Leave the images out, and copy each of the records below exactly.

Listed entries:
== == ==
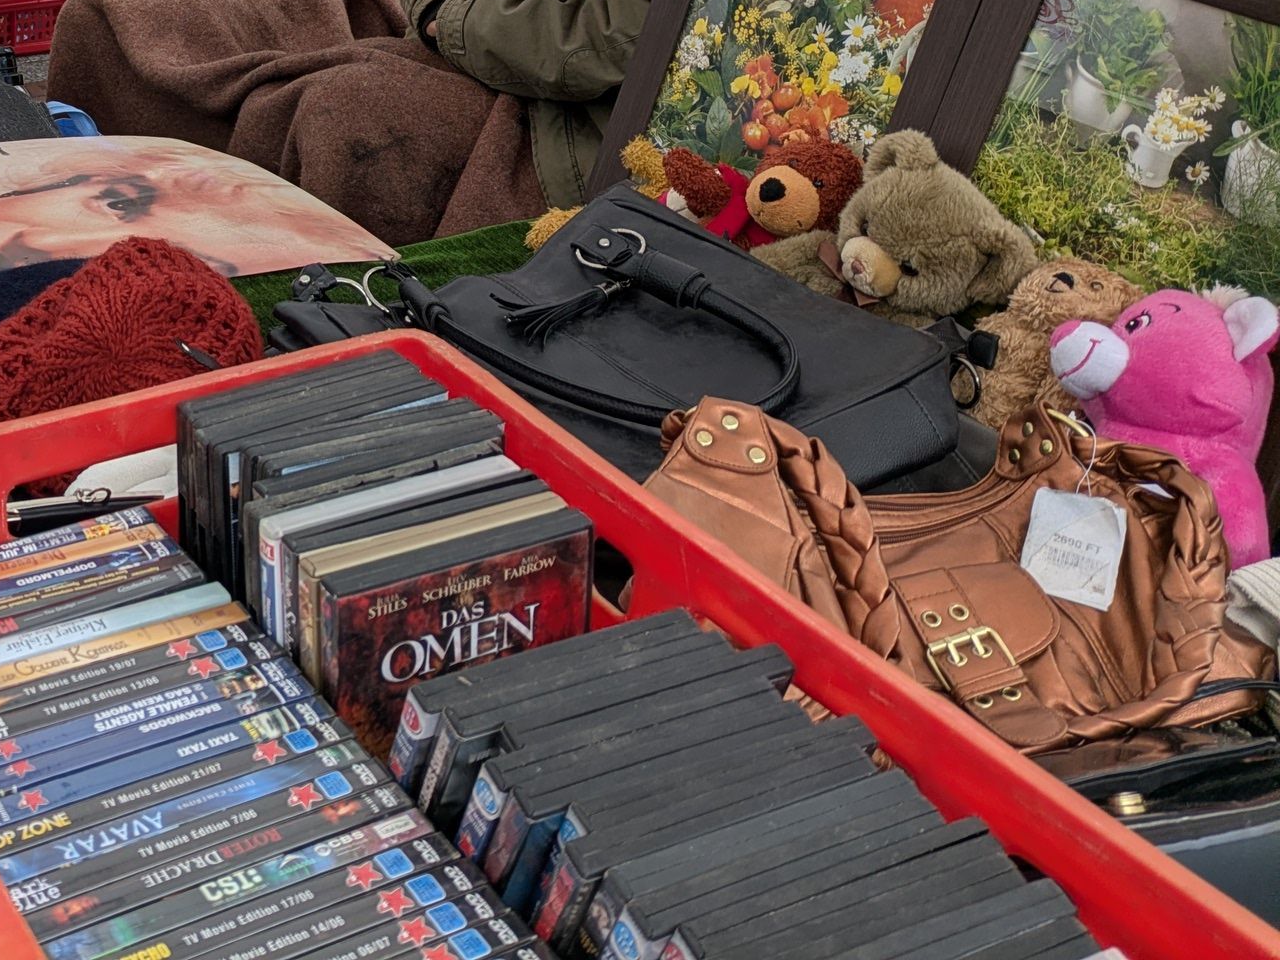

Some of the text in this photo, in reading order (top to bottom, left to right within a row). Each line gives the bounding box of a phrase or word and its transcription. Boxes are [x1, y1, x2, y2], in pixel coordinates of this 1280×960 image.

[15, 555, 96, 591] DOPPELMORD
[503, 556, 557, 582] FARROW
[422, 574, 492, 604] SCHREIBER
[368, 598, 408, 621] STILES
[441, 600, 486, 630] DAS
[3, 629, 54, 656] Eisbär
[53, 614, 107, 644] Kleiner
[380, 602, 540, 684] OMEN
[23, 686, 39, 696] TV
[40, 676, 69, 691] Movie
[71, 666, 106, 685] Edition
[167, 685, 192, 701] SAG
[44, 705, 60, 716] TV
[62, 695, 89, 712] Movie
[92, 685, 128, 704] Edition
[93, 703, 131, 723] WORT
[131, 692, 168, 711] KEIN
[147, 692, 199, 718] FEMALE
[93, 707, 149, 734] AGENTS
[137, 700, 223, 736] BACKWOODS
[176, 729, 239, 759] TAXI TAXI
[102, 799, 117, 809] TV
[119, 787, 149, 805] Movie
[152, 774, 189, 795] Edition
[17, 810, 71, 841] ZONE
[52, 809, 166, 862] AVATAR
[138, 848, 153, 859] TV
[157, 835, 189, 853] Movie
[192, 822, 230, 842] Edition
[137, 847, 225, 890] DRACHE
[200, 830, 365, 904] CSI: CBS
[182, 890, 315, 946] TV Movie Edition 17/06
[267, 931, 310, 954] Edition
== == ==
Result of this exercise:
Some of the text in this photo, in reading order (top to bottom, left to right within a row). Each line gives the bounding box of a phrase or word and its transcription. Boxes are [x1, y1, x2, y2], in pixel coordinates of this 1280×960 image.

[15, 555, 96, 591] DOPPELMORD
[503, 556, 557, 582] FARROW
[422, 574, 492, 604] SCHREIBER
[368, 598, 408, 621] STILES
[441, 600, 486, 630] DAS
[3, 629, 54, 656] Eisbär
[53, 614, 107, 644] Kleiner
[380, 602, 540, 684] OMEN
[23, 686, 39, 696] TV
[40, 676, 69, 691] Movie
[71, 666, 106, 685] Edition
[167, 685, 192, 701] SAG
[44, 705, 60, 716] TV
[62, 695, 89, 712] Movie
[92, 685, 128, 704] Edition
[93, 703, 131, 723] WORT
[131, 692, 168, 711] KEIN
[147, 692, 199, 718] FEMALE
[93, 707, 149, 734] AGENTS
[137, 700, 223, 736] BACKWOODS
[176, 729, 239, 759] TAXI TAXI
[102, 799, 117, 809] TV
[119, 787, 149, 805] Movie
[152, 774, 189, 795] Edition
[17, 810, 71, 841] ZONE
[52, 809, 166, 862] AVATAR
[138, 848, 153, 859] TV
[157, 835, 189, 853] Movie
[192, 822, 230, 842] Edition
[137, 847, 225, 890] DRACHE
[200, 830, 365, 904] CSI: CBS
[182, 890, 315, 946] TV Movie Edition 17/06
[267, 931, 310, 954] Edition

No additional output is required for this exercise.